Animal Crossing: Real Life

Like everyone, it seems, I’ve been bitten by the Animal Crossing: New Horizons bug (where IS my net?). It has such a simple, peaceful format, with nice, achievable bite-size goals. It’s so pleasant.

It was about when I realized I was spending more time digital gardening than real-world gardening that I wondered, why not?

Let’s try to make real life as nice as our islands.

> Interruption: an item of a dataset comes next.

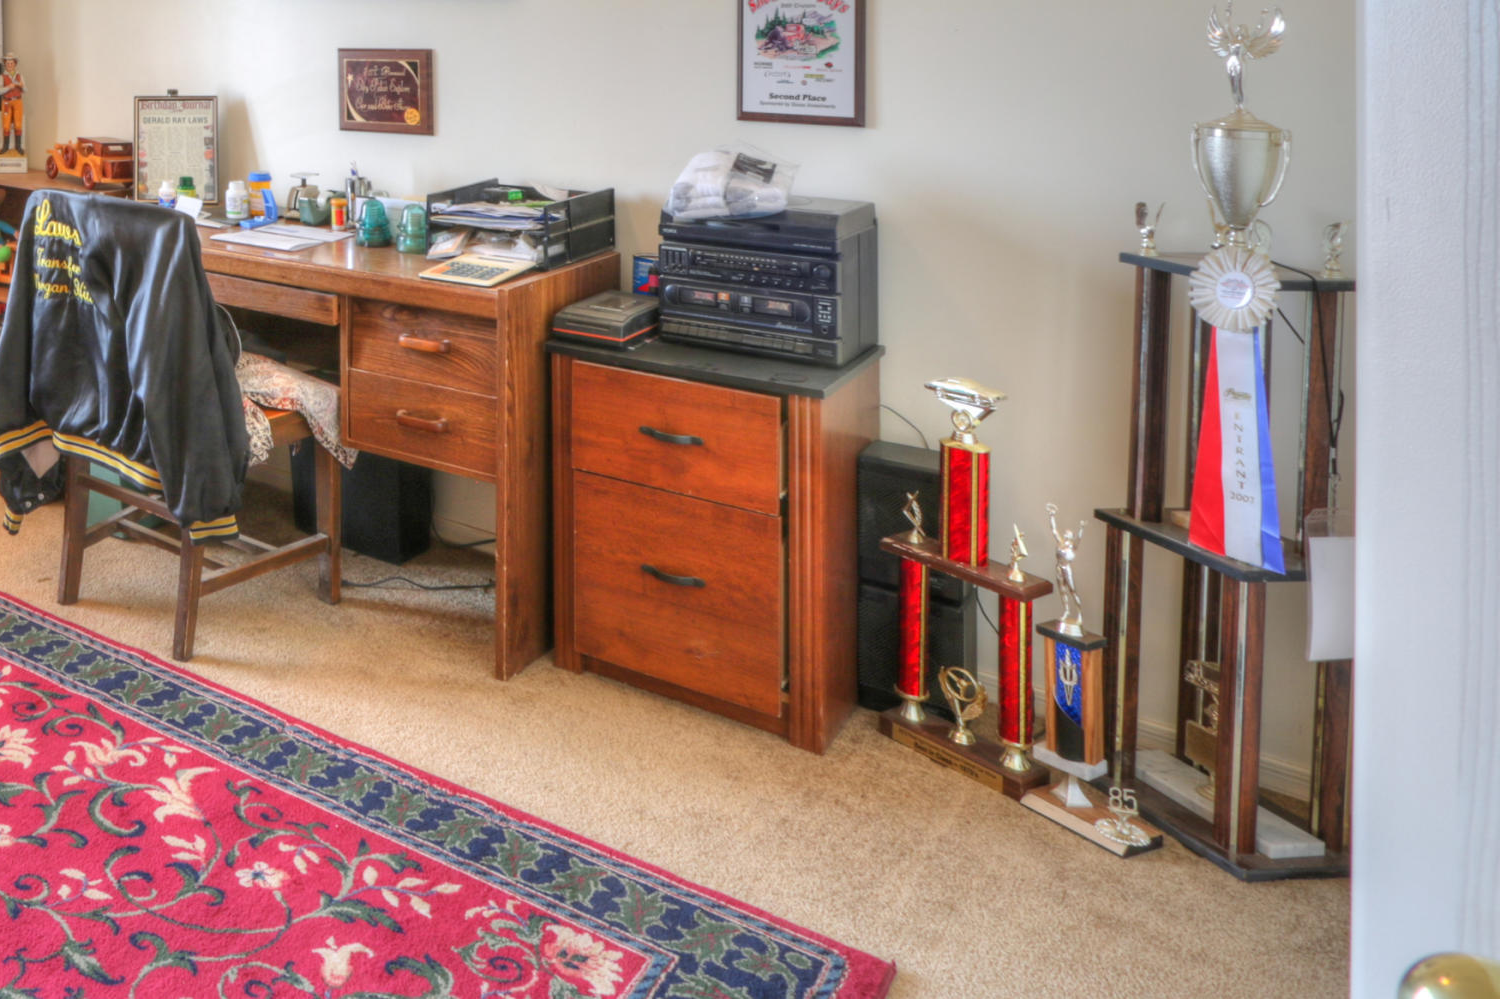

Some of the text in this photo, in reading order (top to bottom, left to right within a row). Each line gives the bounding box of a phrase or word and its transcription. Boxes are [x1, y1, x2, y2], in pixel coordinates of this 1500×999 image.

[769, 92, 827, 103] Second Place
[188, 116, 209, 124] LAWS
[1108, 786, 1139, 813] 85
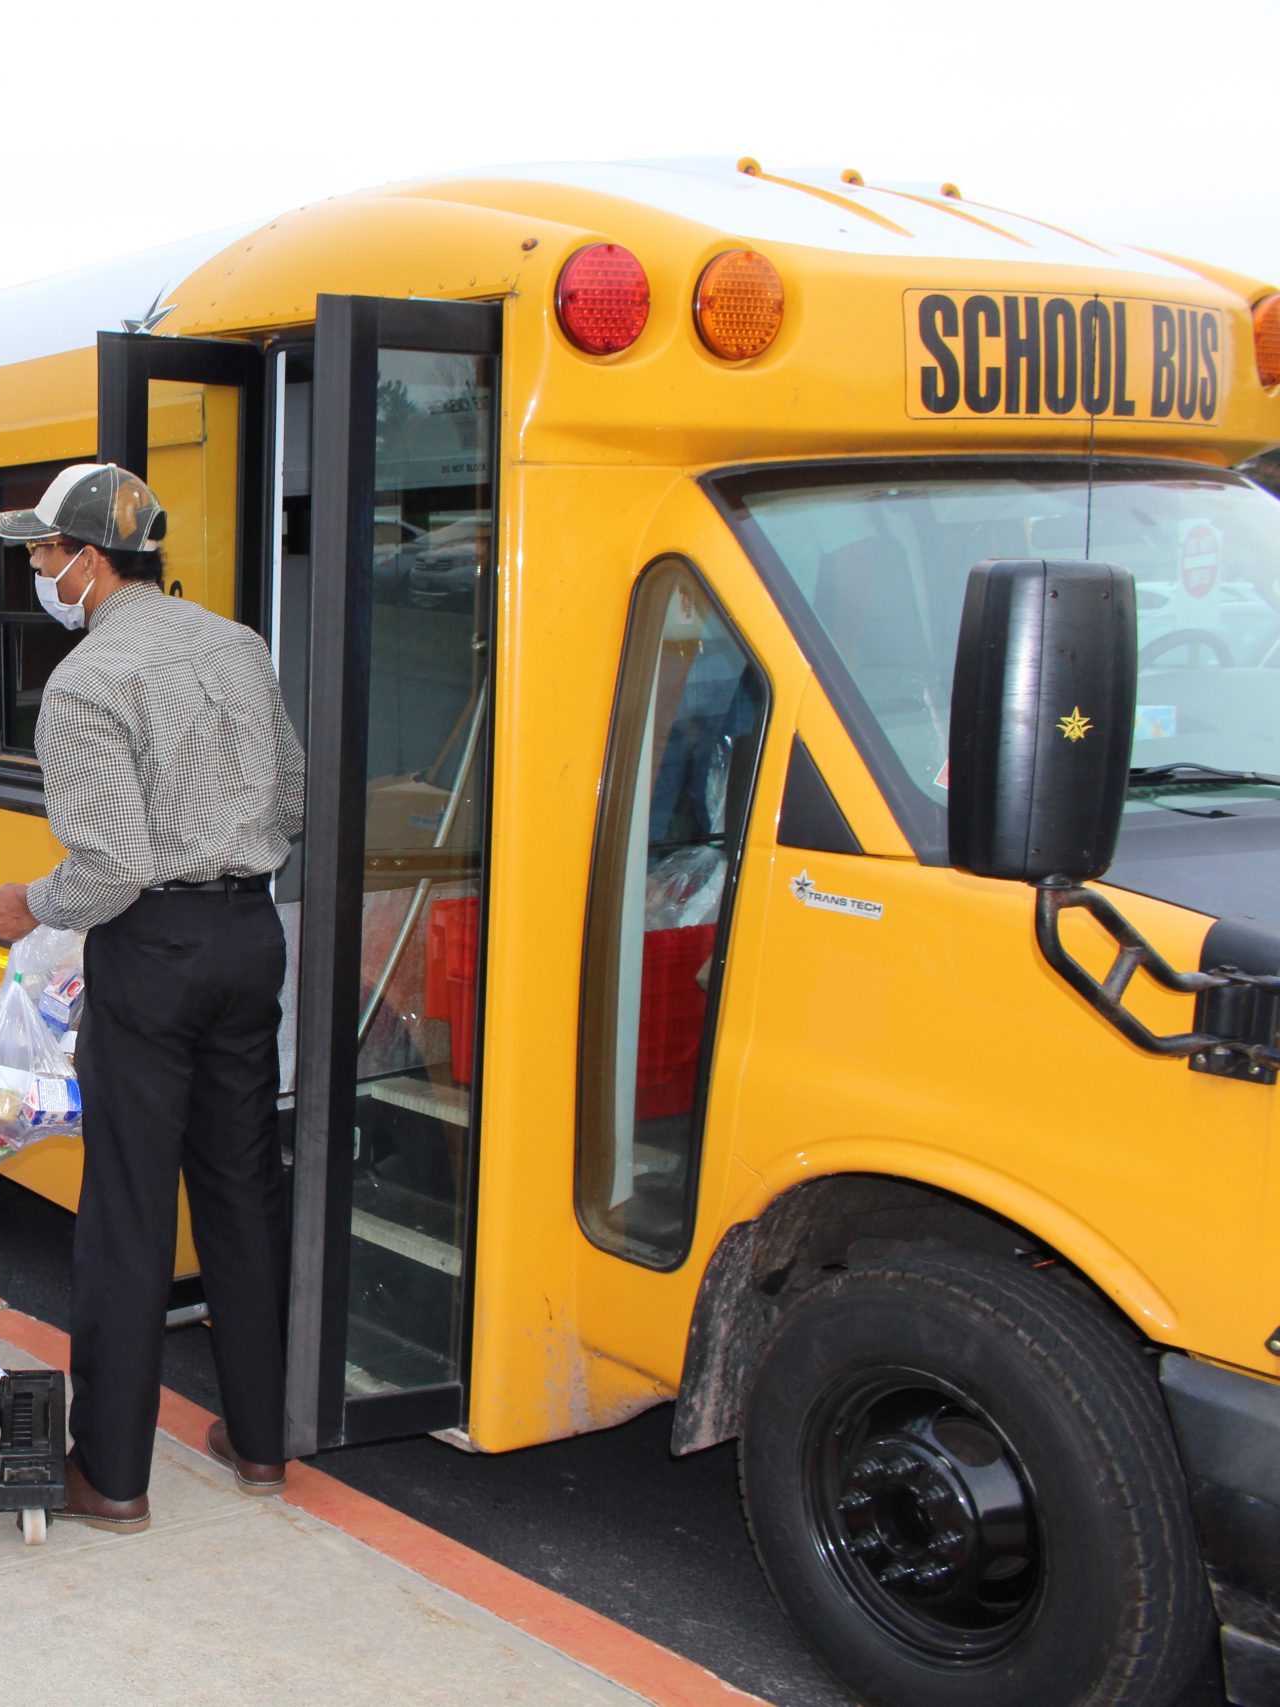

So here you go: AC achievements for your real life. Have fun and make your world a little better. Print them out and put a stamp next to each achievement as you go. You can even give yourself “nook miles” to spend on yourself!

  • Eat a piece of fruit
  • Plant a tree
  • Plant native flowers
  • Plant a shrub
  • Take a photo
  • Go fishing
  • Hold a celebration
  • DIY
    • a wreath
    • A bench
    • Artwork
    • A gift
  • Customize furniture
  • Send a letter to a friend
  • Give someone a present
  • Buy shares (or invest in your retirement plan
  • Research fossils
  • Google an insect you find outside
  • Tidy up
  • Change your wardrobe
    • Dress in something spooky
    • Dress in something fancy
    • Dress in something colorful
    • Try on a hat
  • Pick up litter
  • Call a friend just to say hi
  • Reach a savings goal
  • Decorate your room
  • Decorate your neighborhood (with chalk)
  • Go for a walk
  • Collect seashells/leaves
  • Catch a butterfly (and then release it)
  • Share a recipe
  • Shop at a local business
  • Rearrange your furniture
  • Buy something that will be shipped to you
  • Dig up a rock
  • Put money in the bank/grow your money
  • Pay off a loan
  • Design a pattern
  • Plan a trip somewhere new
  • Make every day feel as cozy as a day in Animal Crossing!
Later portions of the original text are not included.